■ **Exercise description**: Omit the images and retype the records verbatim.

Stored dataset items:
- Opening Delimiter -

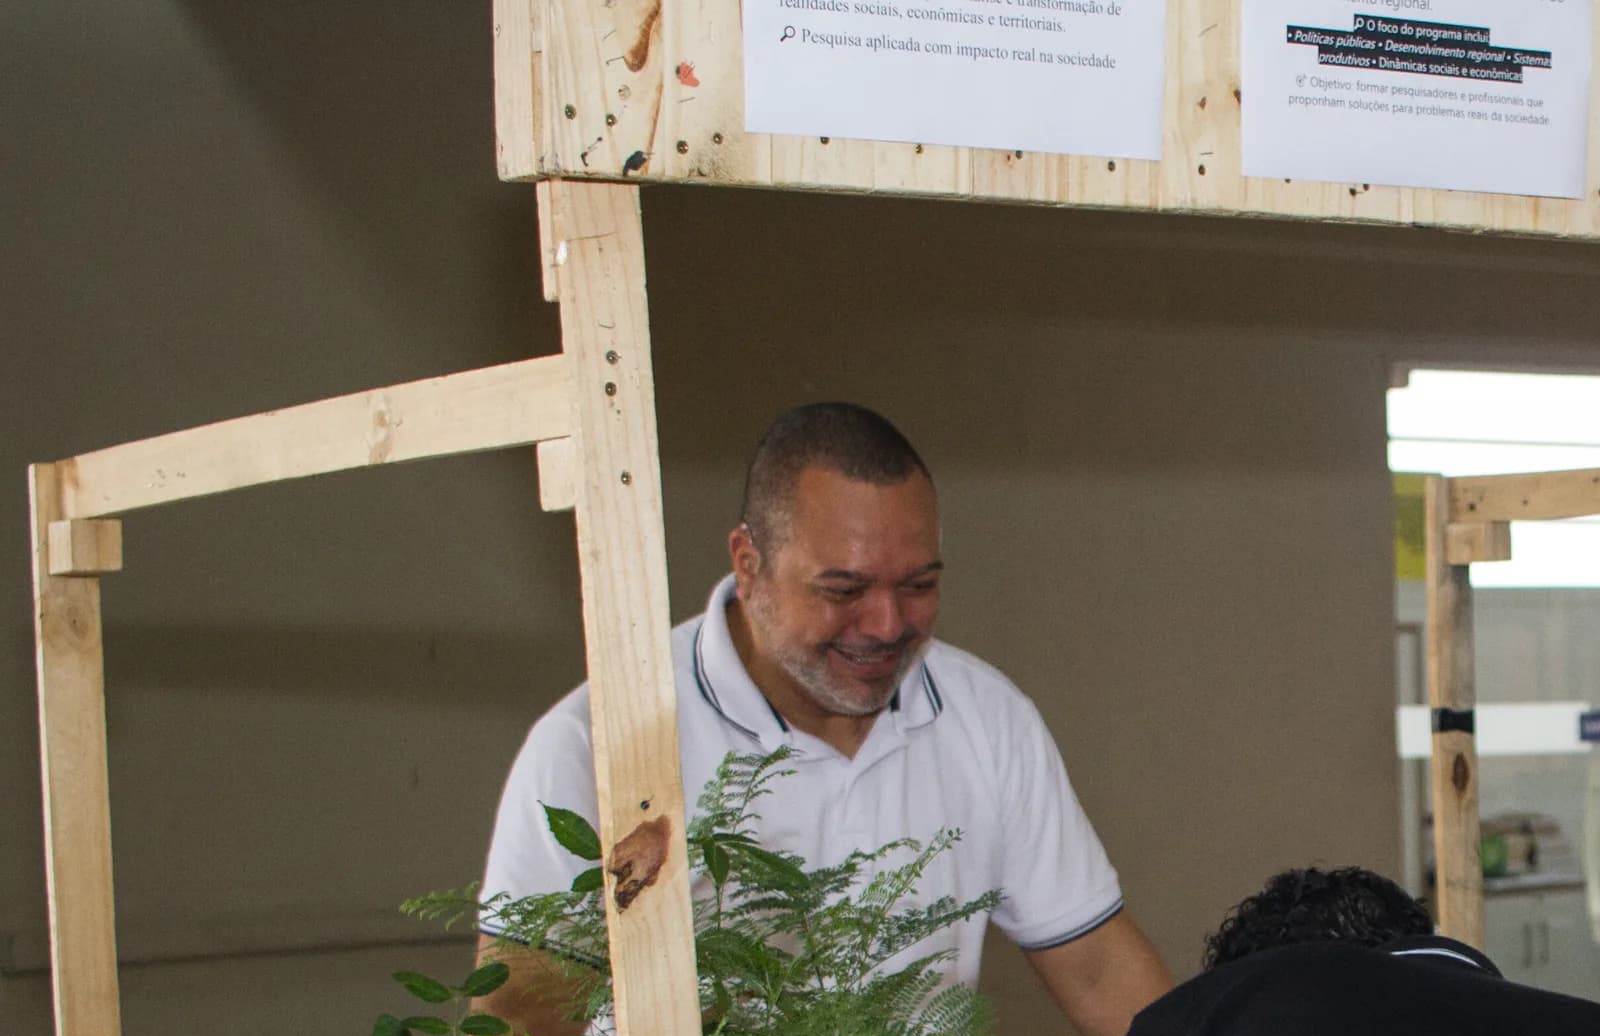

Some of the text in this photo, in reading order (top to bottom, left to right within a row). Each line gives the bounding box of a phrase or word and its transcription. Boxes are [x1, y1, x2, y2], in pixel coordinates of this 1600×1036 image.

[854, 2, 902, 18] sociais,
[907, 8, 984, 25] econômicas
[988, 16, 995, 25] e
[1000, 14, 1066, 32] territoriais.
[1107, 2, 1122, 16] de
[1367, 19, 1376, 31] O
[1378, 21, 1398, 34] foco
[1400, 23, 1413, 35] do
[1416, 27, 1462, 41] programa
[802, 28, 1116, 69] Pesquisa aplicada com impacto real na sociedade
[1294, 30, 1334, 46] Políticas
[1335, 34, 1376, 49] públicas
[1385, 40, 1465, 58] Desenvolvimento
[1467, 48, 1506, 62] regional
[1319, 52, 1522, 81] produtivos Dinâmicas sociais e econômicas
[1289, 95, 1345, 108] proponham
[1348, 98, 1390, 112] soluções
[1392, 103, 1413, 115] para
[1416, 104, 1465, 119] problemas
[1356, 81, 1388, 95] formar
[1391, 86, 1458, 100] pesquisadores
[1460, 92, 1466, 101] e
[1468, 92, 1524, 106] profissionais

- Closing Delimiter -

■ **The completed task**:
Some of the text in this photo, in reading order (top to bottom, left to right within a row). Each line gives the bounding box of a phrase or word and its transcription. Boxes are [x1, y1, x2, y2], in pixel coordinates of this 1600×1036 image.

[854, 2, 902, 18] sociais,
[907, 8, 984, 25] econômicas
[988, 16, 995, 25] e
[1000, 14, 1066, 32] territoriais.
[1107, 2, 1122, 16] de
[1367, 19, 1376, 31] O
[1378, 21, 1398, 34] foco
[1400, 23, 1413, 35] do
[1416, 27, 1462, 41] programa
[802, 28, 1116, 69] Pesquisa aplicada com impacto real na sociedade
[1294, 30, 1334, 46] Políticas
[1335, 34, 1376, 49] públicas
[1385, 40, 1465, 58] Desenvolvimento
[1467, 48, 1506, 62] regional
[1319, 52, 1522, 81] produtivos Dinâmicas sociais e econômicas
[1289, 95, 1345, 108] proponham
[1348, 98, 1390, 112] soluções
[1392, 103, 1413, 115] para
[1416, 104, 1465, 119] problemas
[1356, 81, 1388, 95] formar
[1391, 86, 1458, 100] pesquisadores
[1460, 92, 1466, 101] e
[1468, 92, 1524, 106] profissionais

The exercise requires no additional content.